A key difference between the hypergeometric distribution and the binomial distribution is that the former is a discrete probability distribution, while the latter is a continuous probability distribution. This means that the hypergeometric distribution deals with situations where the number of possible outcomes is finite and countable, while the binomial distribution deals with situations where the number of possible outcomes is infinite and uncountable. For example, if you roll a die 10 times, the number of possible outcomes is finite and countable (1, 2, 3, 4, 5, or 6), so we would use the hypergeometric distribution to determine the probability of getting a specific number of 6’s. On the other hand, if you measure the length of a piece of wire to 10 decimal places, the number of possible outcomes is infinite and uncountable, so we would use the binomial distribution to model the probability of getting a certain range of values.
In addition to its applications in sampling without replacement, the hypergeometric distribution has other important applications in various fields such as genetics, ecology, and epidemiology. For example, it can be used to calculate the probability of getting a certain number of disease cases in a population of a given size, without assuming that the number of cases follows a normal distribution.

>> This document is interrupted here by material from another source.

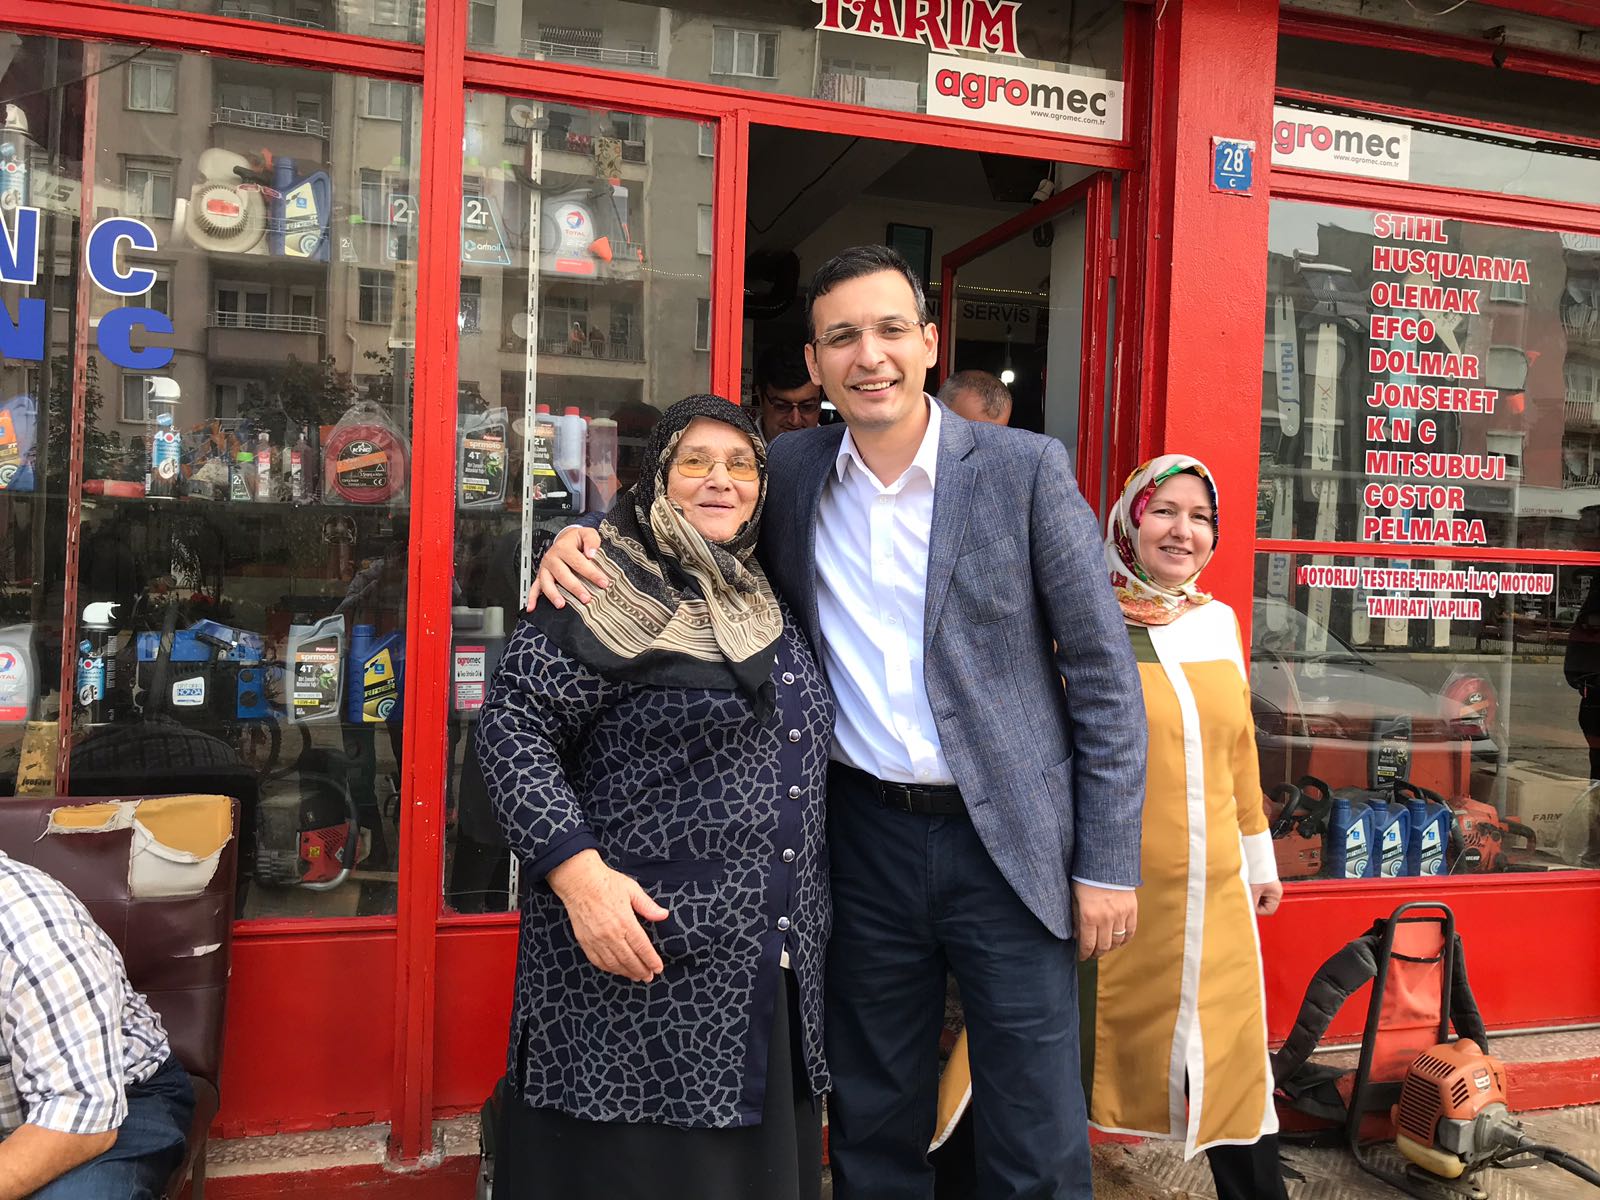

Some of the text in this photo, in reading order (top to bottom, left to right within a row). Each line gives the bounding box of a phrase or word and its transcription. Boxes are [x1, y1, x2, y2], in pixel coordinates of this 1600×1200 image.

One important point to note is that the hypergeometric distribution assumes that the population size is much larger than the sample size. In other words, the proportion of “successes” in the population doesn’t change significantly after each draw. If the sample size is large relative to the population size, then the hypergeometric distribution is not an appropriate model and we should use the binomial distribution instead.

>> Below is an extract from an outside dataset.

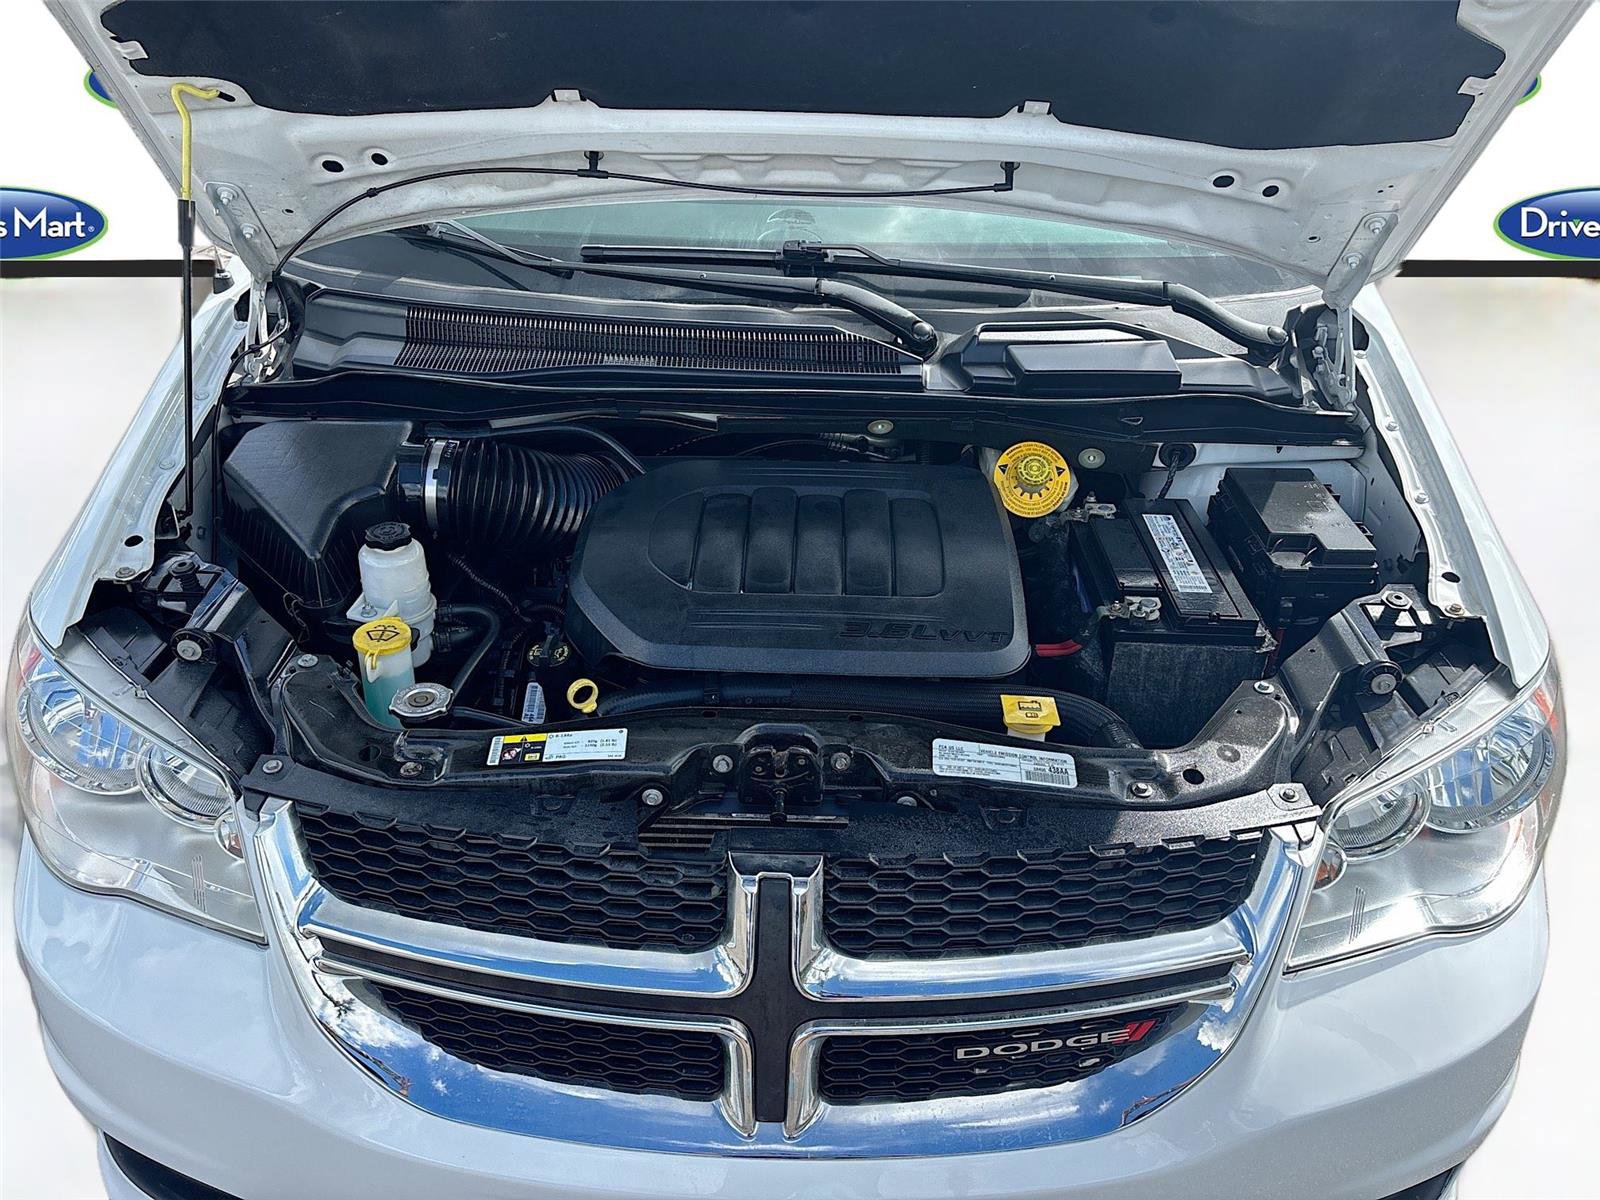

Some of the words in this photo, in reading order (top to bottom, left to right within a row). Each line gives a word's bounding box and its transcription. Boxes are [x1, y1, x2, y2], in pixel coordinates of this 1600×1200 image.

[14, 206, 86, 238] Mart
[1521, 206, 1600, 237] Drive
[956, 1029, 1130, 1060] DODGE
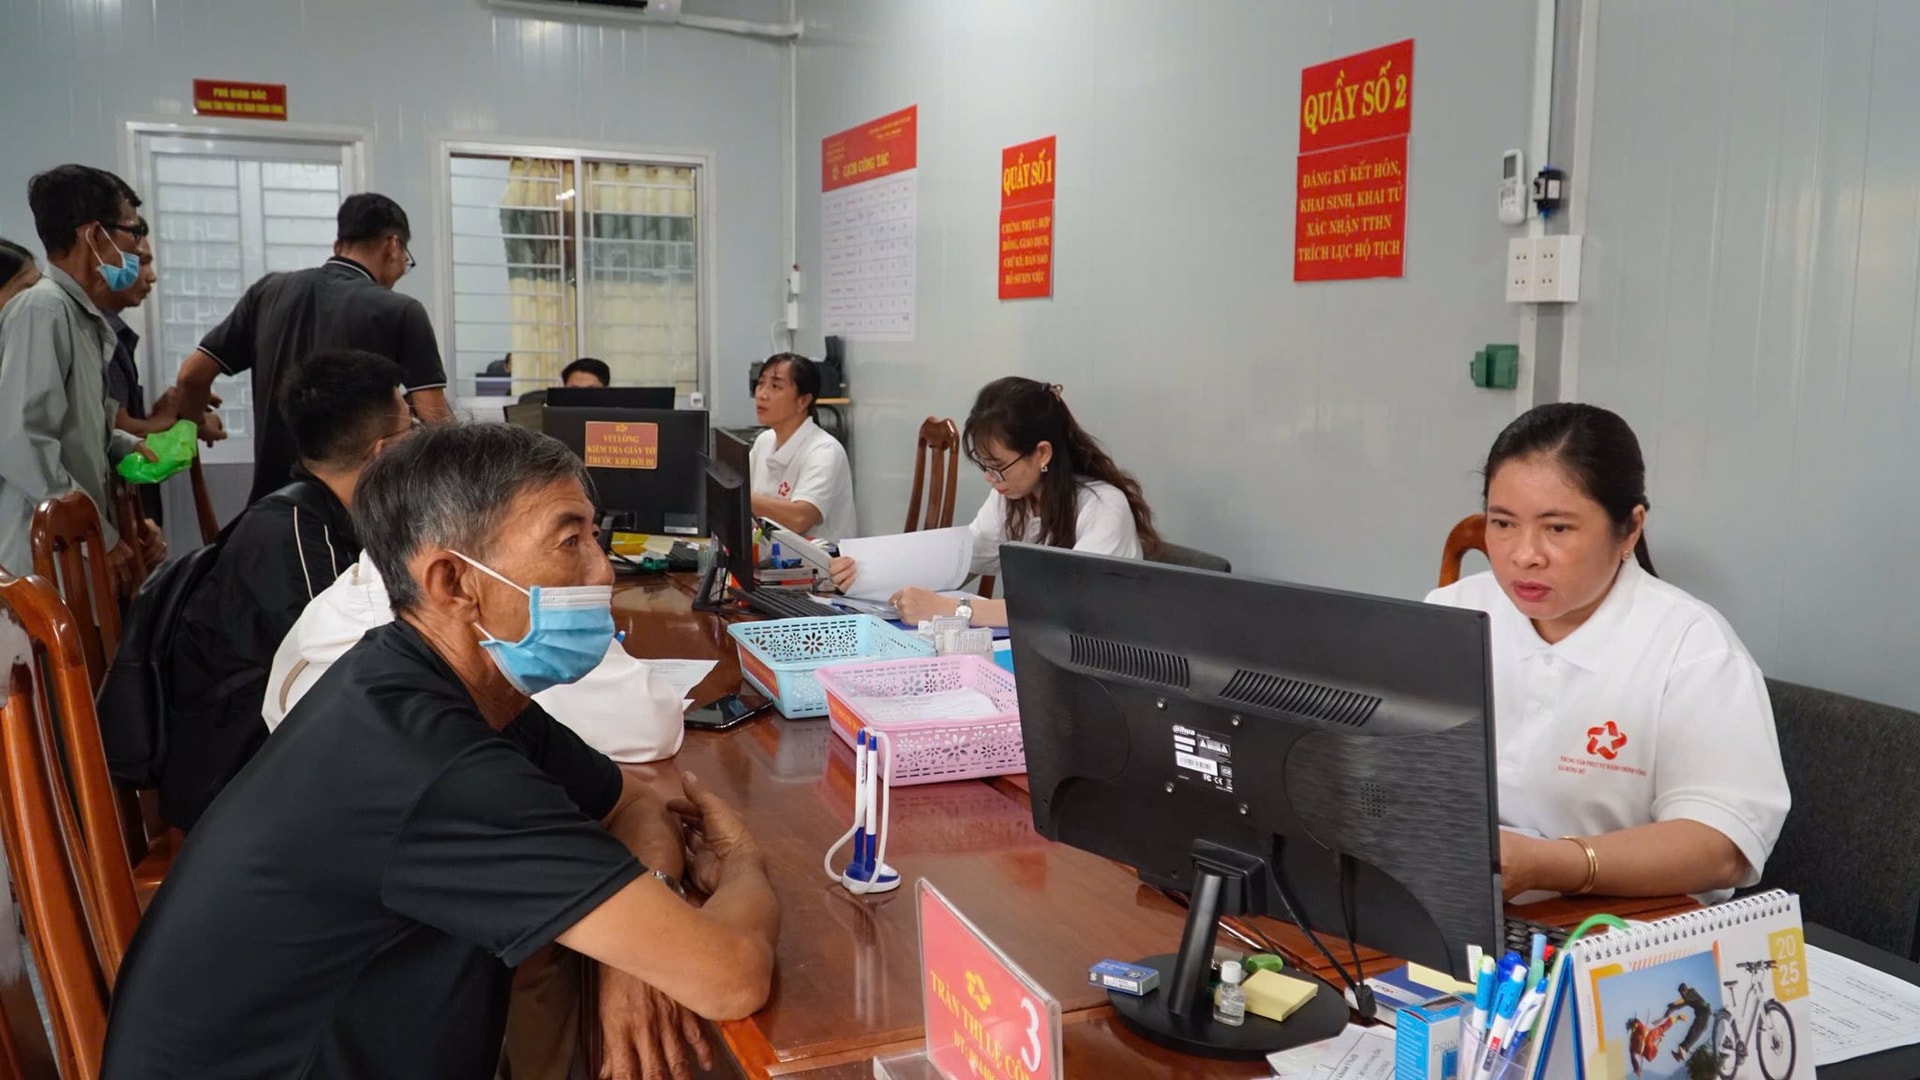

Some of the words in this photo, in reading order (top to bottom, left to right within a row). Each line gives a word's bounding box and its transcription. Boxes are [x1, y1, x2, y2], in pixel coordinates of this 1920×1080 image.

In conclusion, probability distributions are powerful tools for analyzing and interpreting data in various fields. While the binomial distribution is widely known and used, it’s important to understand that there are other probability distributions that are just as essential. The hypergeometric distribution is one such distribution, which is used to model situations where we are sampling without replacement. By understanding the key differences between the hypergeometric and binomial distributions, we can choose the appropriate distribution for our analysis and avoid common mistakes.
References
- Fahidy, T. (2012). An application of hypergeometric distribution theory to competitive processes at deteriorating electrode surfaces. In Electrochemistry Communications, 282-284
- Anderson, J. & Schmidt, J. (2002). Playing Powerball?. Proceedings. Annual Conference on Taxation and Minutes of the Annual Meeting of the National Tax Association. pp. 377-382.